CHICAGO, IL — Since 2012, a cultural-political movement of creativity and connection has swept through Latin America. Cultura Viva Communitaria or Live Community Culture  (LCC) activates art-ivists to facilitate days of action and caravans of joy where communities encounter a magnification of their own culture. LCC builds solidarity in neighborhoods across the country (and even internationally), in opposition to a worldwide systemic culture of death.
North America’s first day of action took place in Rogers Park, Chicago, on June 11, 2016. At the opening ceremony a small circle gathered under a shady grove of trees overlooking the lake. We opened with a practice of historical memory, a key component to the methodology of Live Community Culture. We told stories of what we remembered about our childhood neighborhoods. A resident of the far South Side of Chicago shared their feeling of displacement when they travel to white neighborhoods; then offered a participatory performance with their 10-year-old daughter about the inheritance of trauma through the mother lineage.
The circle dispersed to experience a day full of Rogers Park Culture, a few highlights being: a peace circle on healing violence, international residents of Rogers Park performing music and stories and a teach-in about how education budget cuts have most impacted Chicago’s Gale School.

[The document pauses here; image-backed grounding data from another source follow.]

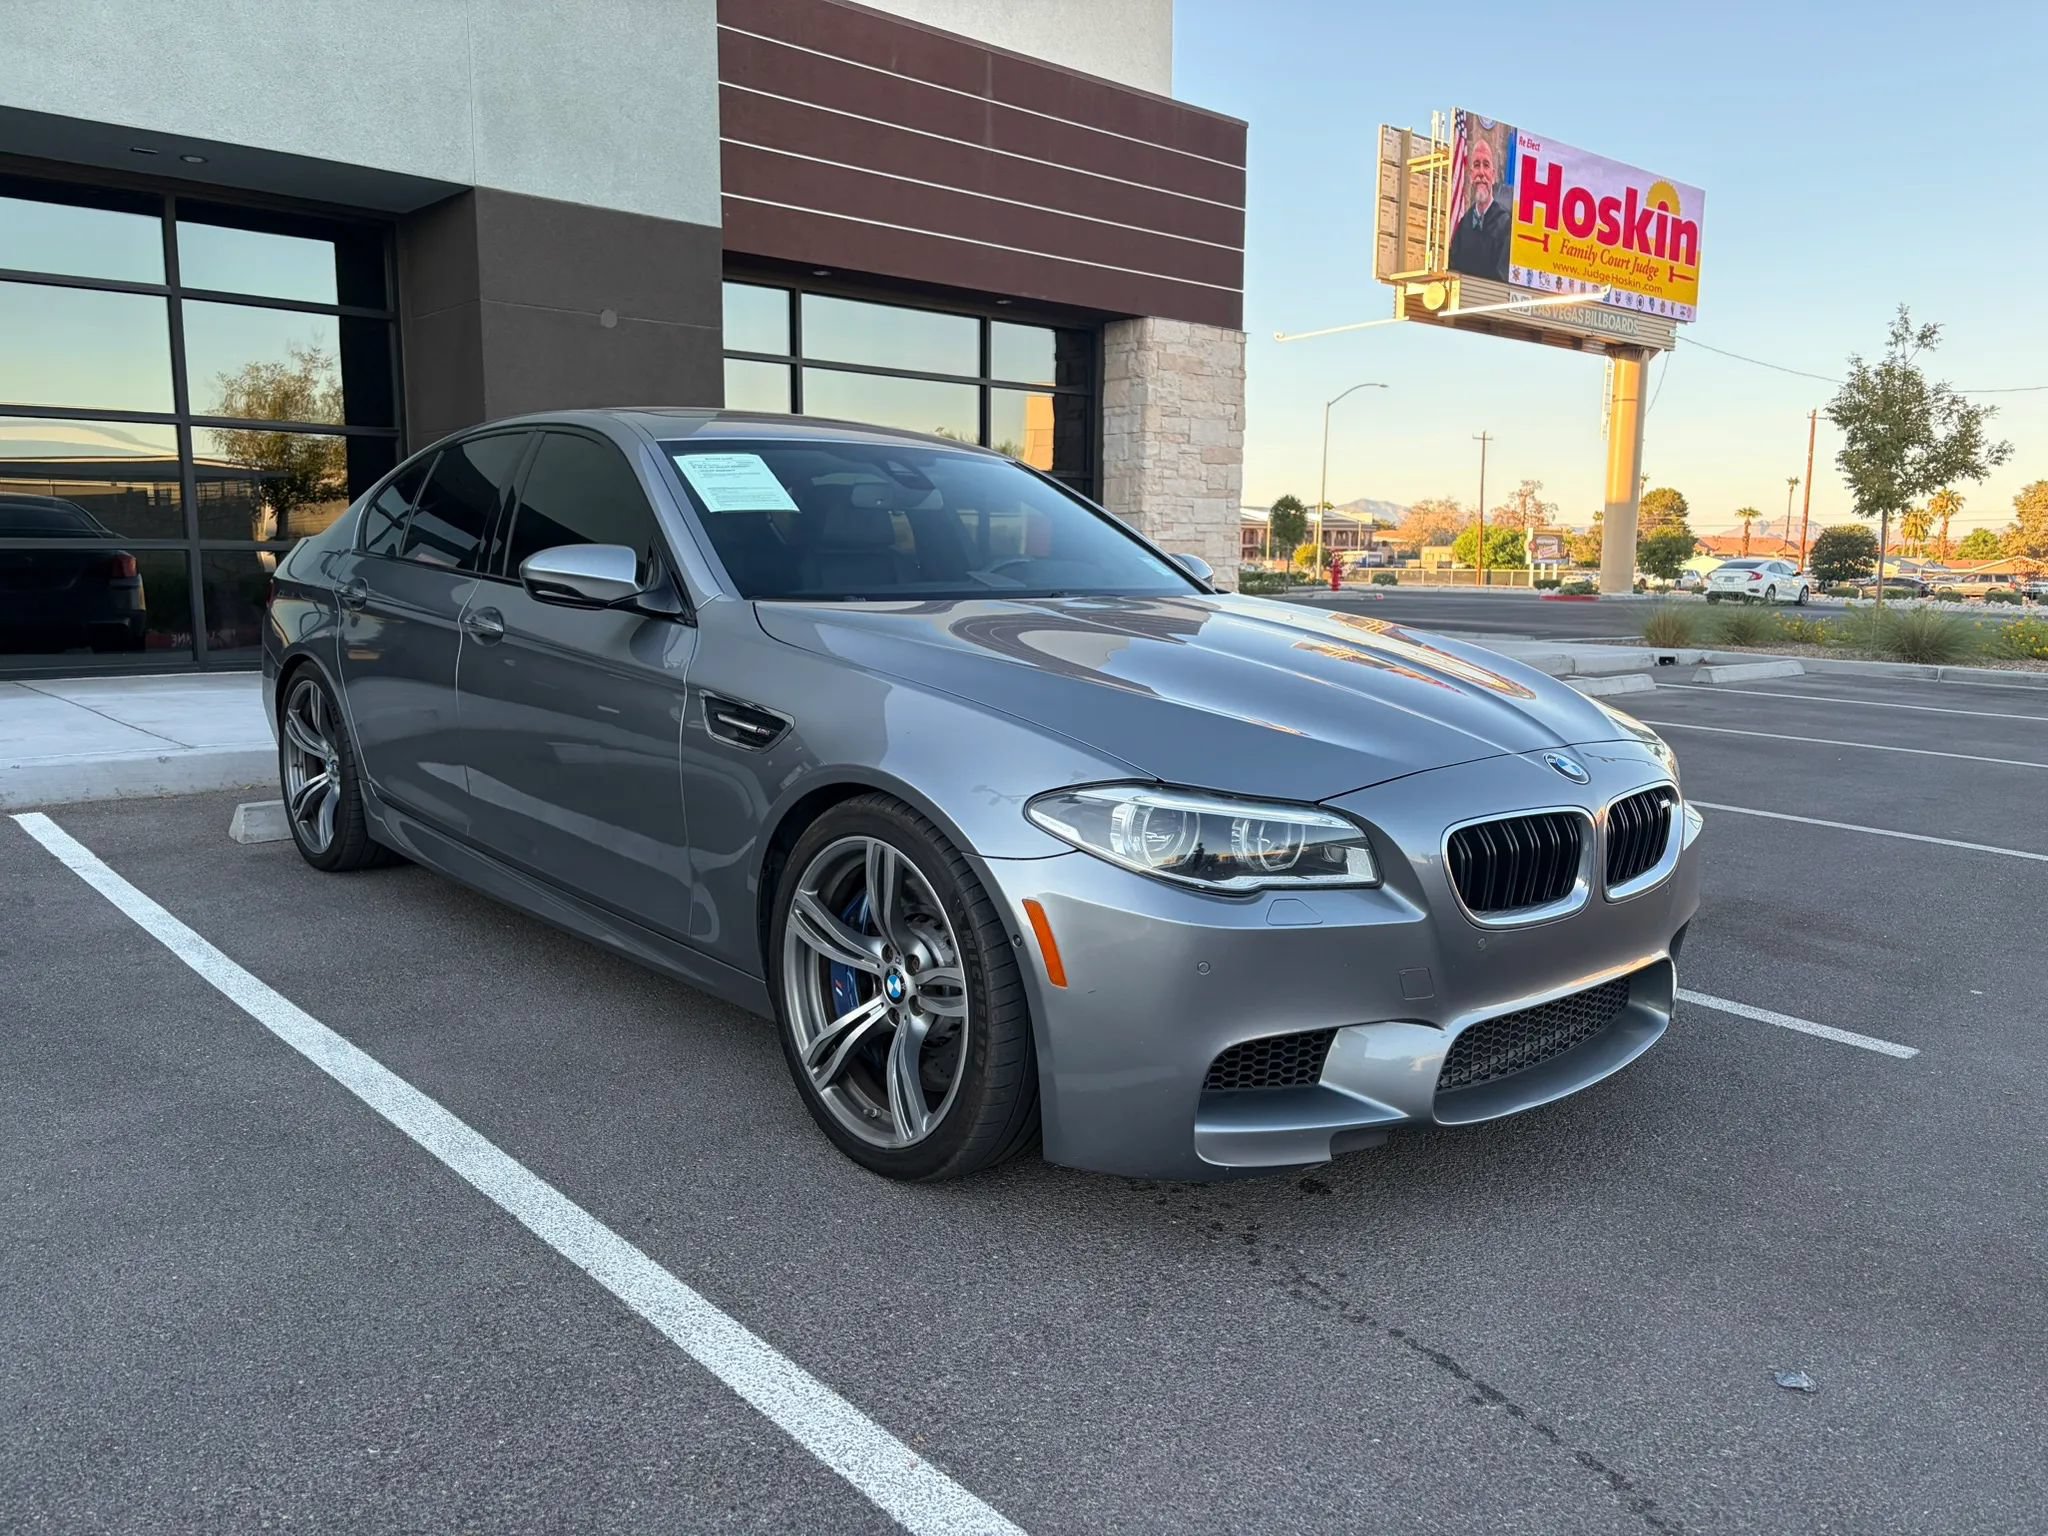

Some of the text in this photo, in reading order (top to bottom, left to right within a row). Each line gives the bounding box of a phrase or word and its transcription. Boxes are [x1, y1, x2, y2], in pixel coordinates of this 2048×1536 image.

[1527, 138, 1540, 151] Elect
[1518, 154, 1698, 267] Hoskin
[1560, 238, 1659, 281] Family Court Judge
[1532, 303, 1552, 317] LAS
[1553, 304, 1585, 323] VEGAS
[1585, 311, 1640, 334] BILLBOARDS

Chicago’s archetypal culture is one of segregation and corruption. Communities are tactically isolated and the poor and Black grasp for security and visibility. Last summer, 12 community activists in Bronzeville, a predominately Black neighborhood, went on a hunger strike for 34 days. They were willing to give their lives to re-open Walter H. Dyett High School after it had been closed due to Chicago Public School (CPS) budget cuts. During their strike, CPS gave Lincoln Elementary, a school in a primarily white affluent neighborhood, a $21 million expansion. The hunger strikers protested the ribbon cutting, enraged at the double standard.

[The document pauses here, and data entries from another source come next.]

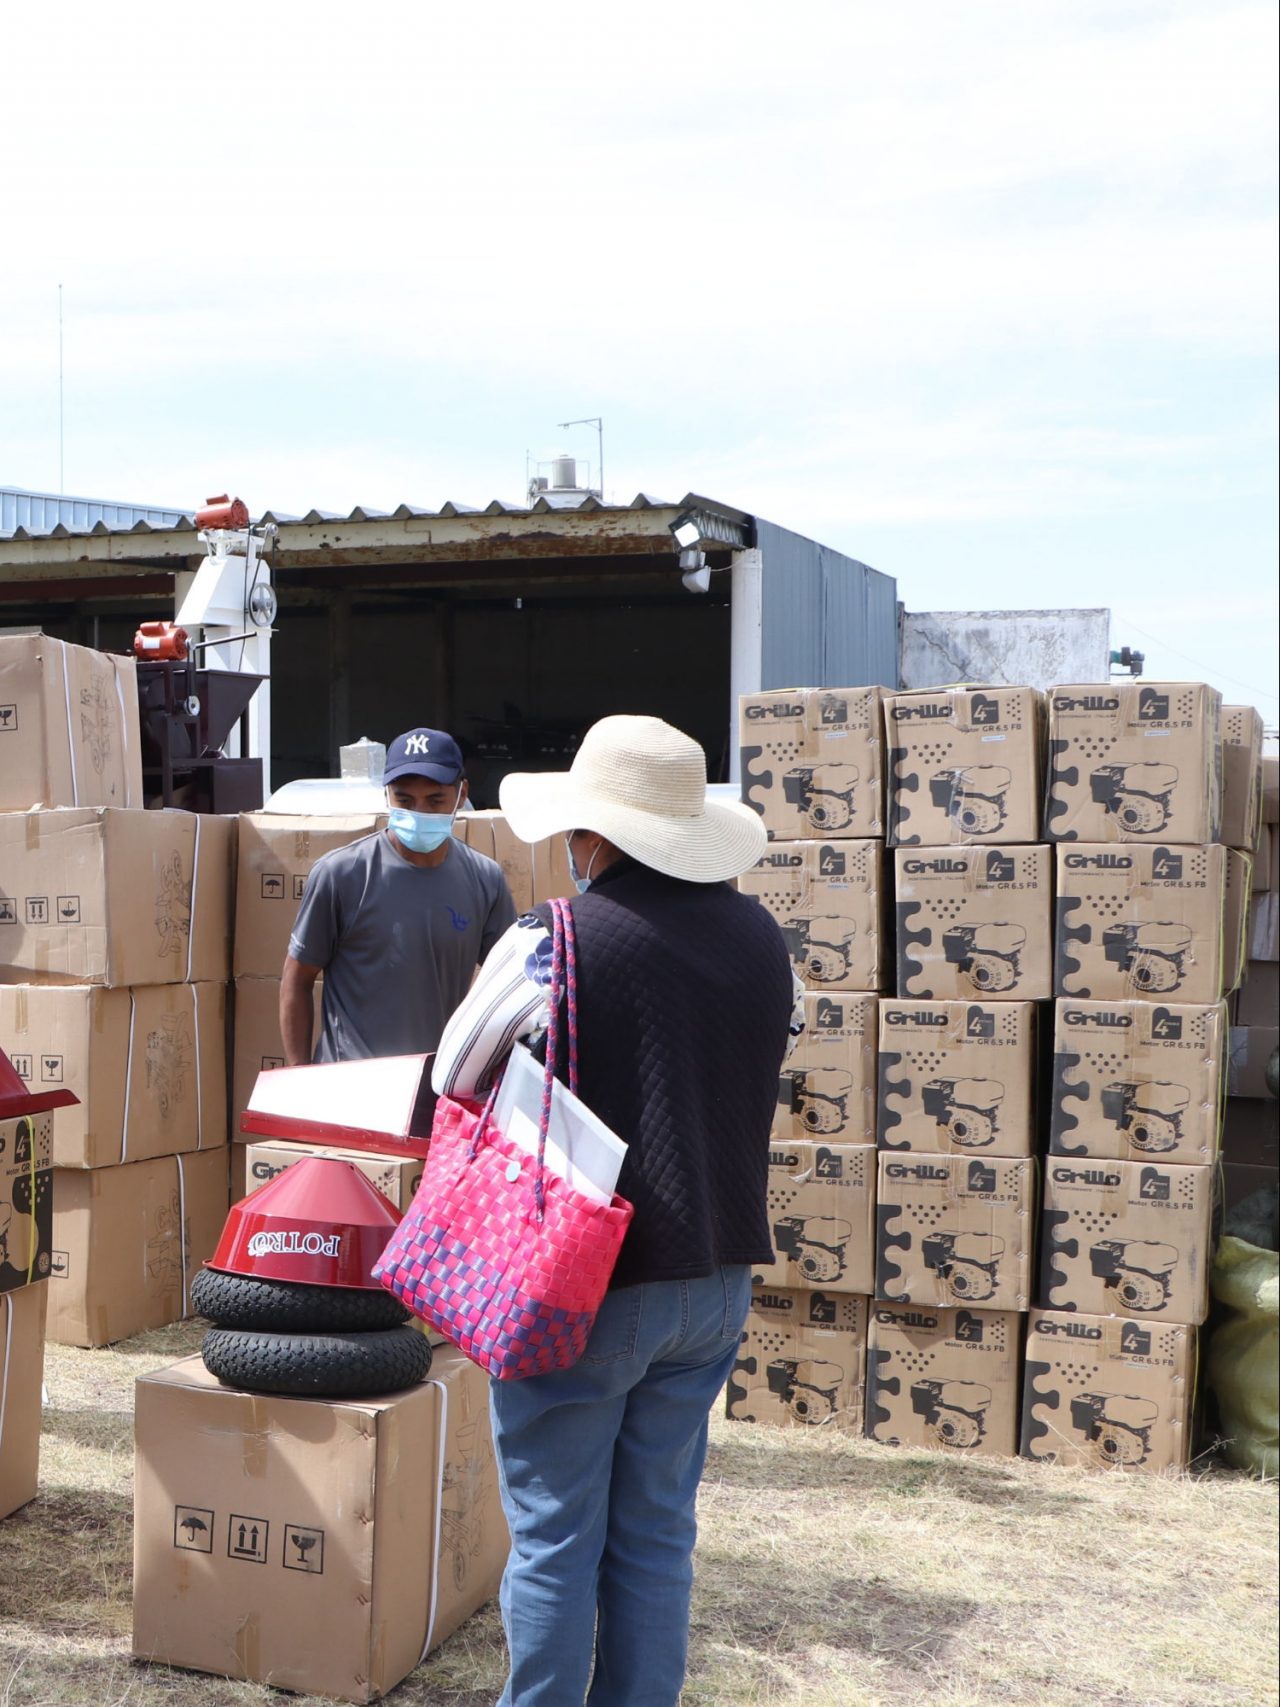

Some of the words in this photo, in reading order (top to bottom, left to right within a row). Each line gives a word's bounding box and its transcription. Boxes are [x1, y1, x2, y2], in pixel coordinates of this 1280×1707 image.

[745, 704, 804, 719] Grillo
[1053, 696, 1119, 711] Grillo
[1141, 699, 1156, 716] 4
[823, 705, 836, 720] 4
[891, 704, 952, 720] Grillo
[974, 704, 986, 721] 4
[754, 854, 802, 867] rillo
[822, 856, 834, 872] 4
[903, 859, 968, 874] Grillo
[1064, 854, 1132, 868] Grillo
[1154, 859, 1169, 876] 4
[989, 862, 1002, 878] 4
[819, 1009, 832, 1024] 4
[885, 1011, 948, 1026] Grillo
[1064, 1011, 1132, 1027] Grillo
[969, 1017, 982, 1033] 4
[1154, 1019, 1169, 1036] 4
[16, 1136, 26, 1158] 4
[21, 1164, 31, 1172] GR
[42, 1158, 50, 1166] FB
[818, 1158, 830, 1174] 4
[885, 1164, 950, 1180] Grillo
[970, 1172, 984, 1188] 4
[1052, 1168, 1121, 1186] Grillo
[1142, 1179, 1156, 1195] 4
[1182, 1202, 1194, 1210] FB
[248, 1232, 340, 1256] POTRO
[751, 1295, 792, 1310] rillo
[812, 1304, 824, 1319] 4
[875, 1310, 938, 1328] Grillo
[958, 1322, 971, 1338] 4
[1035, 1320, 1102, 1340] Grillo
[1123, 1334, 1138, 1350] 4
[1132, 1355, 1144, 1363] GR

How does the working class unite to oppose the neo-liberal war machine privatizing basic needs such as school, food, water, education and health care? Without these basic needs met, our humanity is lost as we fight for $15/hr, with no time, energy, or resources to offer our children as an alternative to violence and self destruction. It becomes easy for the rich to justify to themselves and the divided masses that the poor and dispossessed are disposable.
We must remember and imagine our humanity like warriors. Our unity depends on creating a strong political and cultural opposition. Our ability to practice truth, tell stories, find joy, play music, give and receive touch and seek our own education cannot be privatized. LCC empowers artists and cultural workers to step into the spotlight as the bloodline of the united movement, encouraging each neighborhood to hear its own heartbeat. Caravans move from one neighborhood to the next diminishing borders and reclaiming public spaces as our own. As the collective heart of the people strengthens, so does the clarity of the demand for a reordering of society around the needs of the people. Viva Cultura Communitaria!